Aw, he likes you!It’s true! SpongeBob wants to be your pal. He’ll knit you a sweater of tears! Take you to Robot Pirate Island! Heck, he’ll rent out the whole restaurant just so you and he can have a night to be fancy together! And of course, he’ll fry you up a nice Krabby Patty.

SpongeBob loves his wise pet snail Gary, his dim friend Patrick Star and his crusty boss, Mr. Krabs. But most of all, he loves his job. He can hardly bear to leave his post as a fry cook, and his unfailing devotion to duty has always been my favorite thing about him. In a world where you and I pray for a snow day or perhaps a minor sprain to let us skip the Daily Grind and sleep in, SpongeBob greets each morning with a spring in his step and an eagerness to be at the office – or in his case, the kitchen at the Krusty Krab.

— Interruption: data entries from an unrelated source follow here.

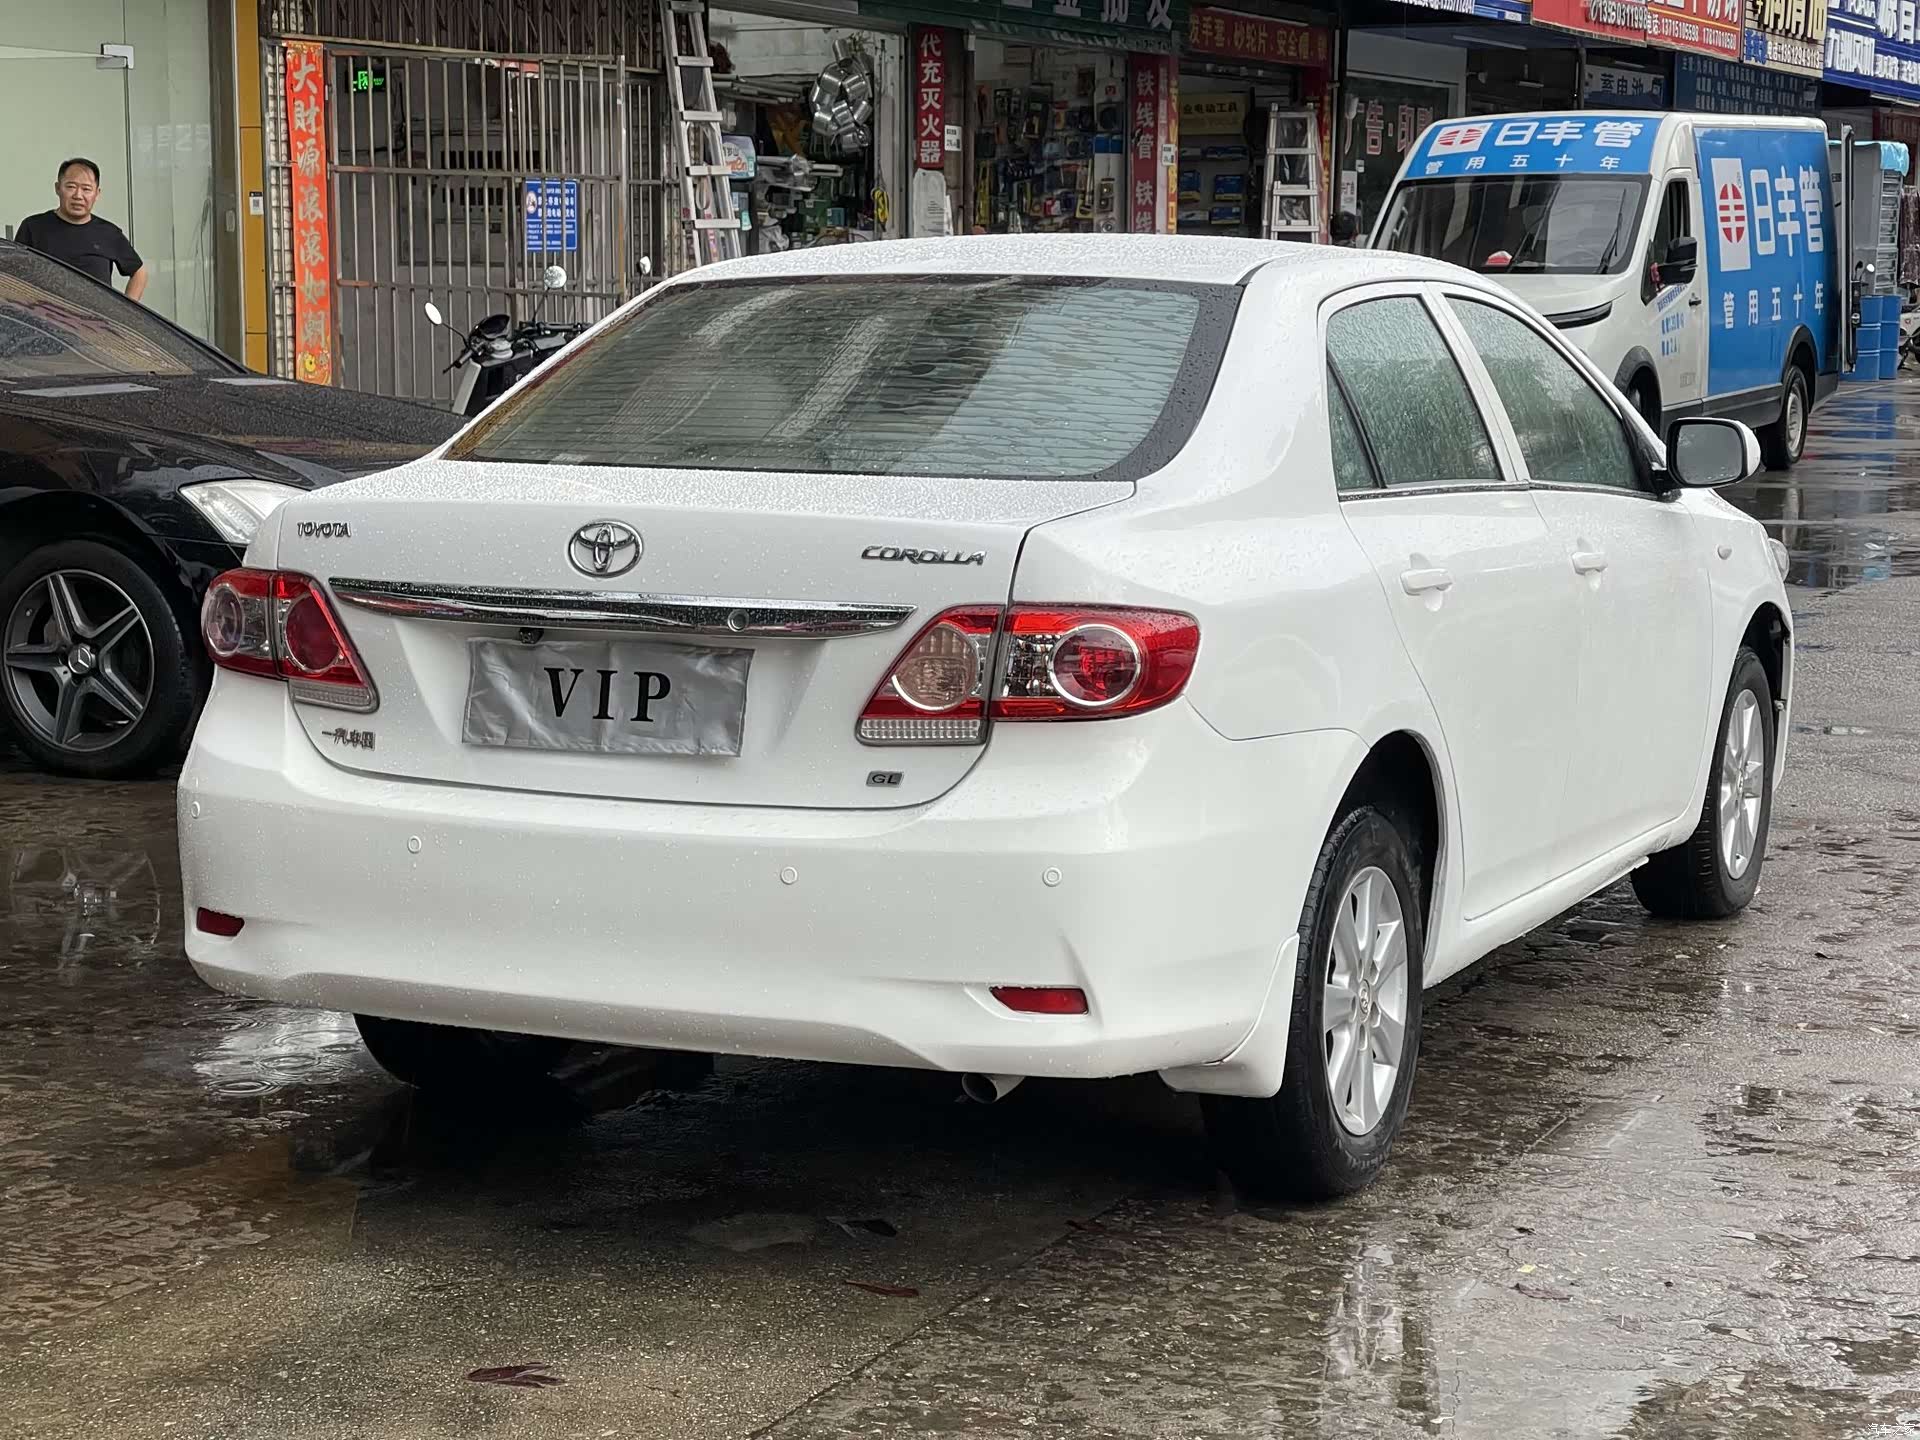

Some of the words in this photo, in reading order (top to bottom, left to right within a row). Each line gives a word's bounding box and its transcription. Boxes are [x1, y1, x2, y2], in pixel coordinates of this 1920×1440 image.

[920, 33, 942, 164] 代充灭火器
[1136, 71, 1155, 160] 铁线管
[1494, 120, 1644, 149] 日丰管
[1425, 153, 1621, 175] 管用五十年
[1750, 164, 1824, 257] 日丰管
[1723, 280, 1824, 329] 管用五十年
[297, 521, 351, 538] TOYOTA
[861, 545, 987, 566] COROLLA
[543, 667, 671, 722] VIP
[871, 773, 899, 786] GL

Now, we can all agree that SpongeBob, as voiced by Tom Kenny who perfected the squeezy little voice and high-pitched giggle, can be a little grating from time to time, but he’s nicely balanced by Bill Fagerbakke, priceless as the eternally clueless Patrick, Rodger Bumpass, who has acres of misanthropic flair as the weary cashier Squidward and the magnificent Clancy Brown, who has voiced a damned sexy Lex Luthor as well as lending his sonorous pipes and his killer comic timing to SpongeBob’s boss, the money lovin’, penny’ pinchin’, G droppin’ Mr. Krabs. Of course, even the sunniest day needs a little rain, and when SpongeBob, the world’s most Up With People Person needs a nemesis, they bring in the big guns: tiny, megalomaniacal Plankton, “1% Evil, 99% Hot Gas”. He’s voiced by Doug Lawrence with absolutely villainous glee – you can always hear him rubbing his hands together as he plans his next heist, even when he’s not actually rubbing his hands together.

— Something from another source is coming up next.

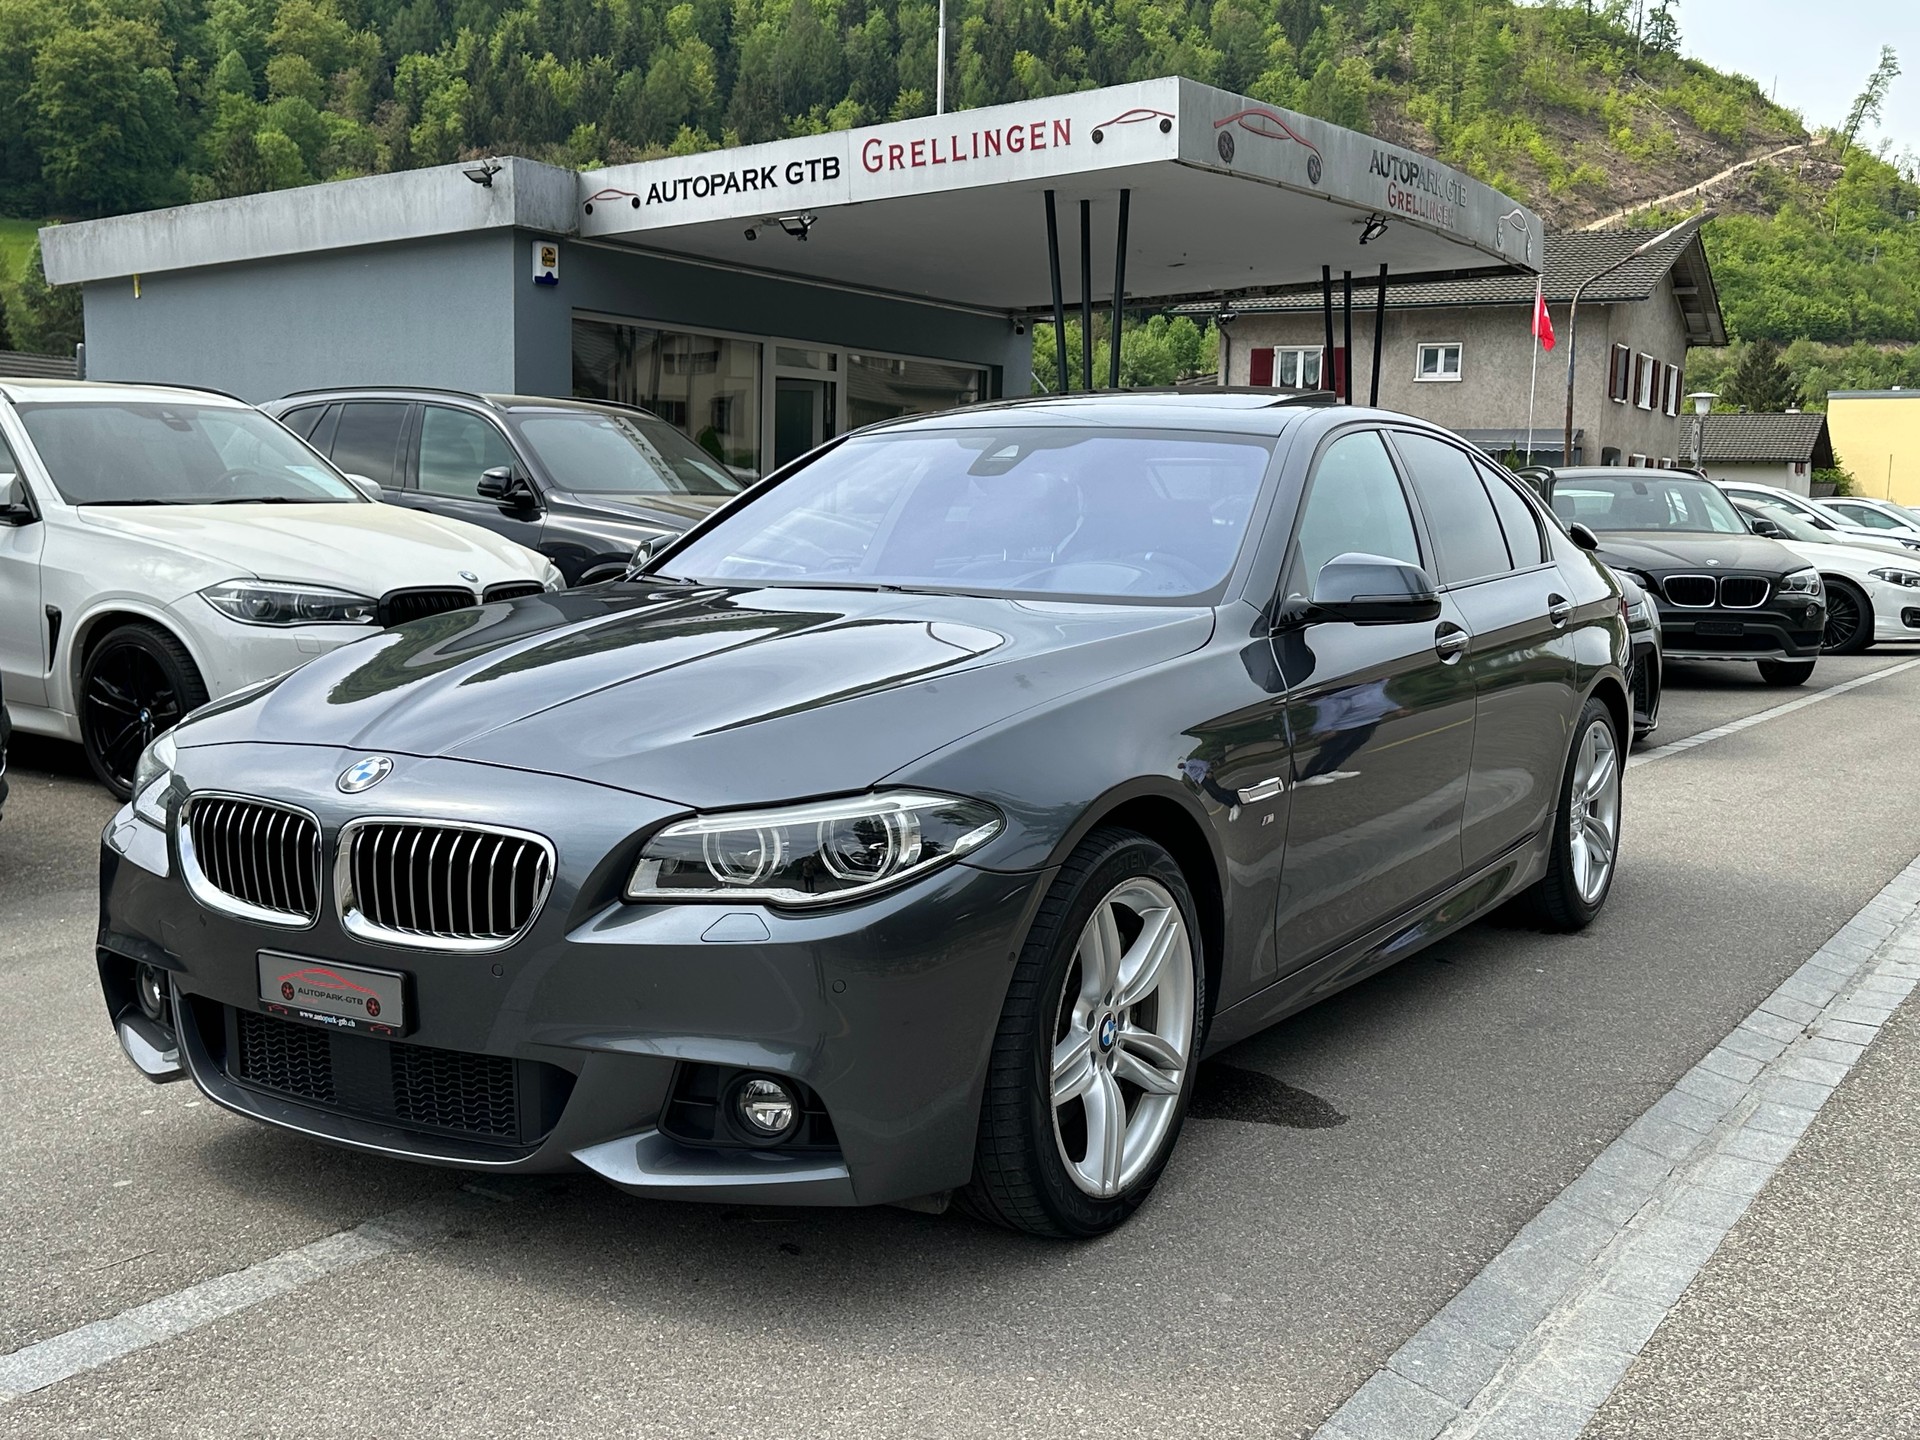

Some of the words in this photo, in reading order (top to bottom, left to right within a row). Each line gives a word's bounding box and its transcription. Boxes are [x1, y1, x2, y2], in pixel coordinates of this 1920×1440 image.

But maybe you still find him annoying, or perhaps you’re a bit turned off by the sheer ocean of merchandising that has slapped his image on a bewildering array of objects, but give SpongeBob a chance! It may be true that you can buy a SpongeBob musical digital thermometer, or a terrifying SpongeBob pet costume,

Why God, why?

Why would you do this? This dog will need YEARS of therapy.

SpongeBob was never about raking in the benjamins. SpongeBob is about love! And joy. And joyness.

Ten years of merchandising onslaughts and insidiously catchy yet heinously annoying theme songs aside, the show itself is comic genius. The jokes are fast and funny, and since it’s a cartoon, fantastically visual. The crackerjack writing is backed up with snap stills and ridiculously inventive action. I dare you to watch Rock-A-Bye BiValve and not walk away a fan.

Other favorite eps from the first three seasons include: Dying for Pie, Chocolate with Nuts, and Idiot Box. Just check out the following exchange from the episode Grandma’s Kisses:

Patrick: You’re a man now, SpongeBob, and it’s time you starting acting like one.

SpongeBob: Yeah! Oh, but I’m not sure I know how.

Patrick: Allow me to demonstrate. First, puff out your chest. (SpongeBob does so.) Now say “tax exemption”.

SpongeBob: Tax exemption.

Patrick: Now, you must acquire a taste for free-form jazz.

There’s a whole new 7th season and the 8th has already been greenlighted, so give SpongeBob another shot!

Also, sea bears and fairy tales are real!

kormantic has currently lost over 16 millionteen games of Words With Friends in a row. She lives with Matt in their secret lair in the heart of a volcano. She likes CANDY and words that rhyme.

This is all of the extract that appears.